**WORK REQUEST:** All of the data below should be output exactly as given.

**SUPPLIED DATA:**
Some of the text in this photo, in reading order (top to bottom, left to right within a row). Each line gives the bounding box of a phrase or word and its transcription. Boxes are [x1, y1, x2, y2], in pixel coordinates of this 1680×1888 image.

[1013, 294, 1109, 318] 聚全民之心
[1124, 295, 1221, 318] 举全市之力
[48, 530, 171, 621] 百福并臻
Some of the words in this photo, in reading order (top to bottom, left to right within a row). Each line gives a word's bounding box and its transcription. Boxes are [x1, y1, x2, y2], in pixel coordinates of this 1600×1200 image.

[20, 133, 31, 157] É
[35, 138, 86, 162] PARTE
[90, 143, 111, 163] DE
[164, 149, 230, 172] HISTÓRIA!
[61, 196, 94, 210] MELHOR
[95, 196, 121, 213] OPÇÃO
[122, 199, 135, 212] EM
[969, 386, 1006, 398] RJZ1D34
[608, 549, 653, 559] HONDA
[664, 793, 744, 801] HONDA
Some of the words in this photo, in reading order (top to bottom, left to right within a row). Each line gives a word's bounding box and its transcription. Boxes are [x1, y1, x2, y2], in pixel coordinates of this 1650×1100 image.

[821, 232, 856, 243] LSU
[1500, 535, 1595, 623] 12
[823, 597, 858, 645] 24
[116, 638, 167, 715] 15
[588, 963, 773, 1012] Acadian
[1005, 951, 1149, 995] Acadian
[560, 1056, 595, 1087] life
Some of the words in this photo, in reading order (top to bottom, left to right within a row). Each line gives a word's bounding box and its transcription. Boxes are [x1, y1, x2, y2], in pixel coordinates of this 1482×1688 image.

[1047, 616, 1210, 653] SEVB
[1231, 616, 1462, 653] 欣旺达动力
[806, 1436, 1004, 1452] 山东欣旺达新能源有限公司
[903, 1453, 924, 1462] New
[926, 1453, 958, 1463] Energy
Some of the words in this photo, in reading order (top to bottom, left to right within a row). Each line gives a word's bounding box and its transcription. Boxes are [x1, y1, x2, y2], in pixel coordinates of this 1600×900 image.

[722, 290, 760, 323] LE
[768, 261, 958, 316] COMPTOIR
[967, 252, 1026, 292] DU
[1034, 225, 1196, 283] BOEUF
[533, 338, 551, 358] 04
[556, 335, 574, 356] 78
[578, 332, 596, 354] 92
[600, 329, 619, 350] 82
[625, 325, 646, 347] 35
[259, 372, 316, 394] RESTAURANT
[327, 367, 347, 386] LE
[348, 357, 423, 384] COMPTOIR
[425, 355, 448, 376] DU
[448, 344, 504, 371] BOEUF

**YOUR SOLUTION:**
Some of the text in this photo, in reading order (top to bottom, left to right within a row). Each line gives the bounding box of a phrase or word and its transcription. Boxes are [x1, y1, x2, y2], in pixel coordinates of this 1680×1888 image.

[1013, 294, 1109, 318] 聚全民之心
[1124, 295, 1221, 318] 举全市之力
[48, 530, 171, 621] 百福并臻
Some of the words in this photo, in reading order (top to bottom, left to right within a row). Each line gives a word's bounding box and its transcription. Boxes are [x1, y1, x2, y2], in pixel coordinates of this 1600×1200 image.

[20, 133, 31, 157] É
[35, 138, 86, 162] PARTE
[90, 143, 111, 163] DE
[164, 149, 230, 172] HISTÓRIA!
[61, 196, 94, 210] MELHOR
[95, 196, 121, 213] OPÇÃO
[122, 199, 135, 212] EM
[969, 386, 1006, 398] RJZ1D34
[608, 549, 653, 559] HONDA
[664, 793, 744, 801] HONDA
Some of the words in this photo, in reading order (top to bottom, left to right within a row). Each line gives a word's bounding box and its transcription. Boxes are [x1, y1, x2, y2], in pixel coordinates of this 1650×1100 image.

[821, 232, 856, 243] LSU
[1500, 535, 1595, 623] 12
[823, 597, 858, 645] 24
[116, 638, 167, 715] 15
[588, 963, 773, 1012] Acadian
[1005, 951, 1149, 995] Acadian
[560, 1056, 595, 1087] life
Some of the words in this photo, in reading order (top to bottom, left to right within a row). Each line gives a word's bounding box and its transcription. Boxes are [x1, y1, x2, y2], in pixel coordinates of this 1482×1688 image.

[1047, 616, 1210, 653] SEVB
[1231, 616, 1462, 653] 欣旺达动力
[806, 1436, 1004, 1452] 山东欣旺达新能源有限公司
[903, 1453, 924, 1462] New
[926, 1453, 958, 1463] Energy
Some of the words in this photo, in reading order (top to bottom, left to right within a row). Each line gives a word's bounding box and its transcription. Boxes are [x1, y1, x2, y2], in pixel coordinates of this 1600×900 image.

[722, 290, 760, 323] LE
[768, 261, 958, 316] COMPTOIR
[967, 252, 1026, 292] DU
[1034, 225, 1196, 283] BOEUF
[533, 338, 551, 358] 04
[556, 335, 574, 356] 78
[578, 332, 596, 354] 92
[600, 329, 619, 350] 82
[625, 325, 646, 347] 35
[259, 372, 316, 394] RESTAURANT
[327, 367, 347, 386] LE
[348, 357, 423, 384] COMPTOIR
[425, 355, 448, 376] DU
[448, 344, 504, 371] BOEUF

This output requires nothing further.